START DATASET ENTRIES

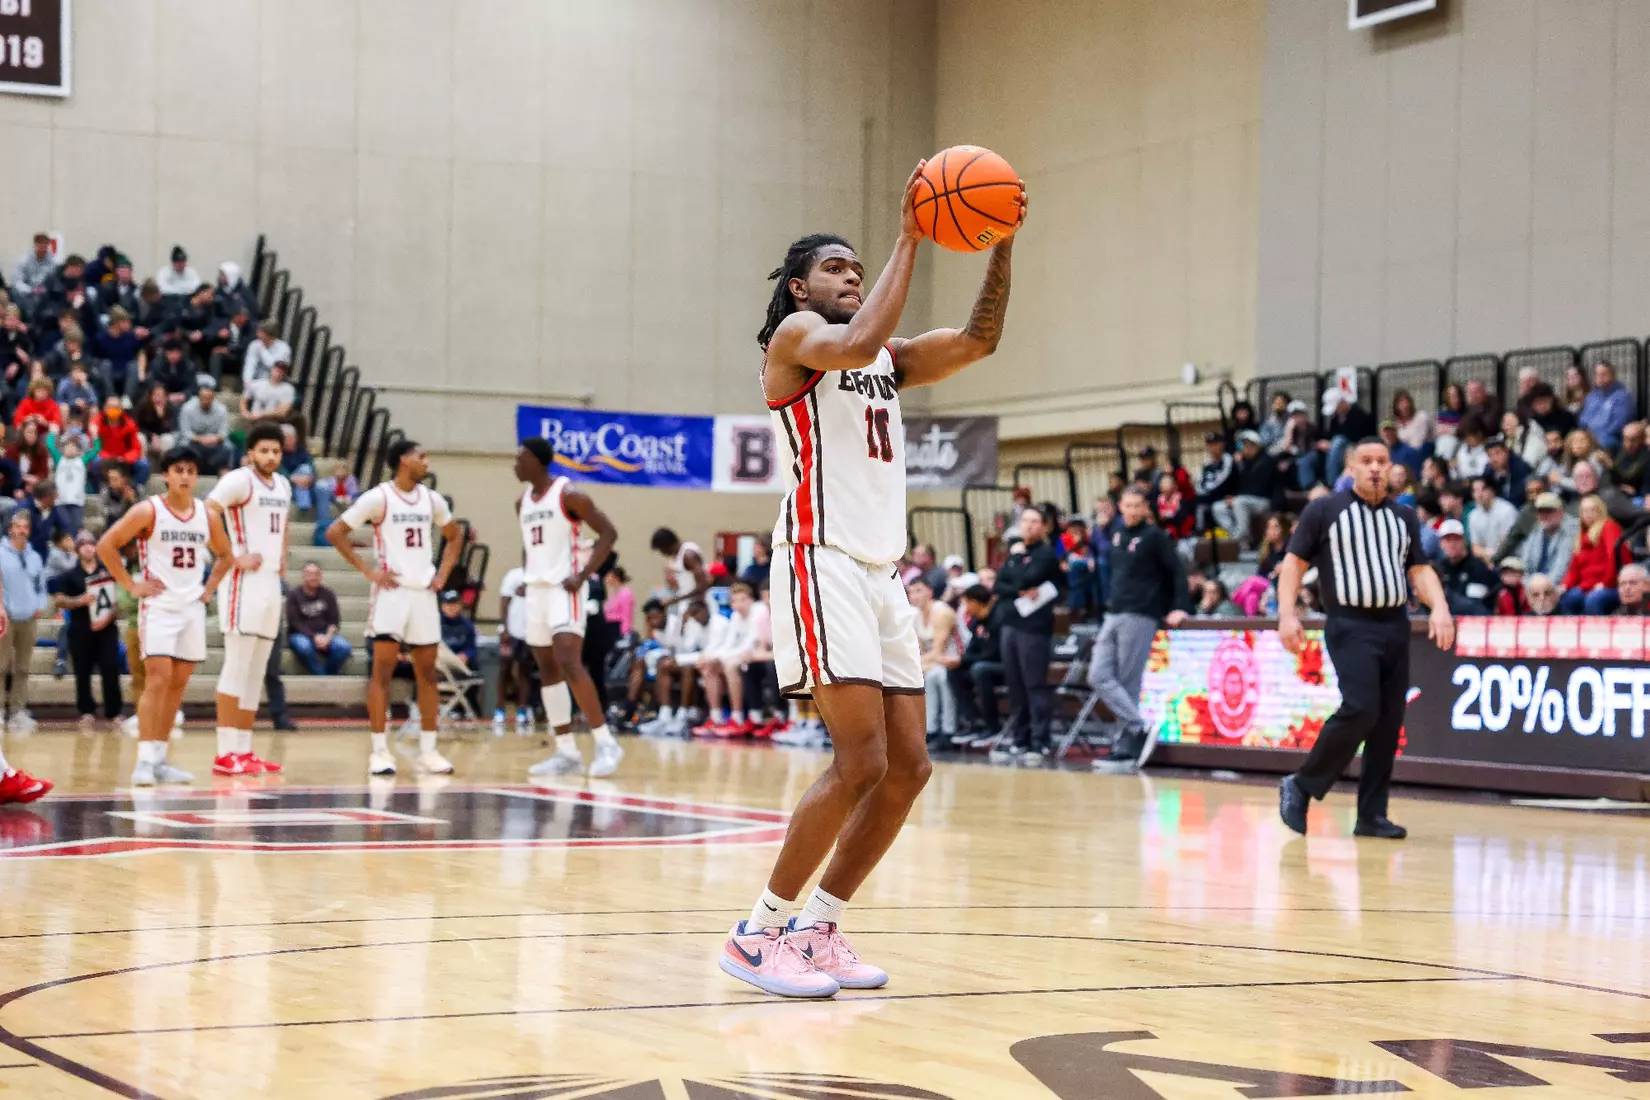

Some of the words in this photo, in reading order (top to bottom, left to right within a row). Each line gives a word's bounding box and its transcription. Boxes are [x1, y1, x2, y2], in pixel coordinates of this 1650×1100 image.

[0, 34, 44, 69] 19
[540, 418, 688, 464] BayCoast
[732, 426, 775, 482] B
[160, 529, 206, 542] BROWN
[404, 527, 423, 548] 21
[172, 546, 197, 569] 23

END DATASET ENTRIES

* **HOW TO COMPLETE THIS TASK**
Print the material above verbatim except the pictures.

* **ANSWER TO THE PROBLEM**
Some of the words in this photo, in reading order (top to bottom, left to right within a row). Each line gives a word's bounding box and its transcription. Boxes are [x1, y1, x2, y2], in pixel coordinates of this 1650×1100 image.

[0, 34, 44, 69] 19
[540, 418, 688, 464] BayCoast
[732, 426, 775, 482] B
[160, 529, 206, 542] BROWN
[404, 527, 423, 548] 21
[172, 546, 197, 569] 23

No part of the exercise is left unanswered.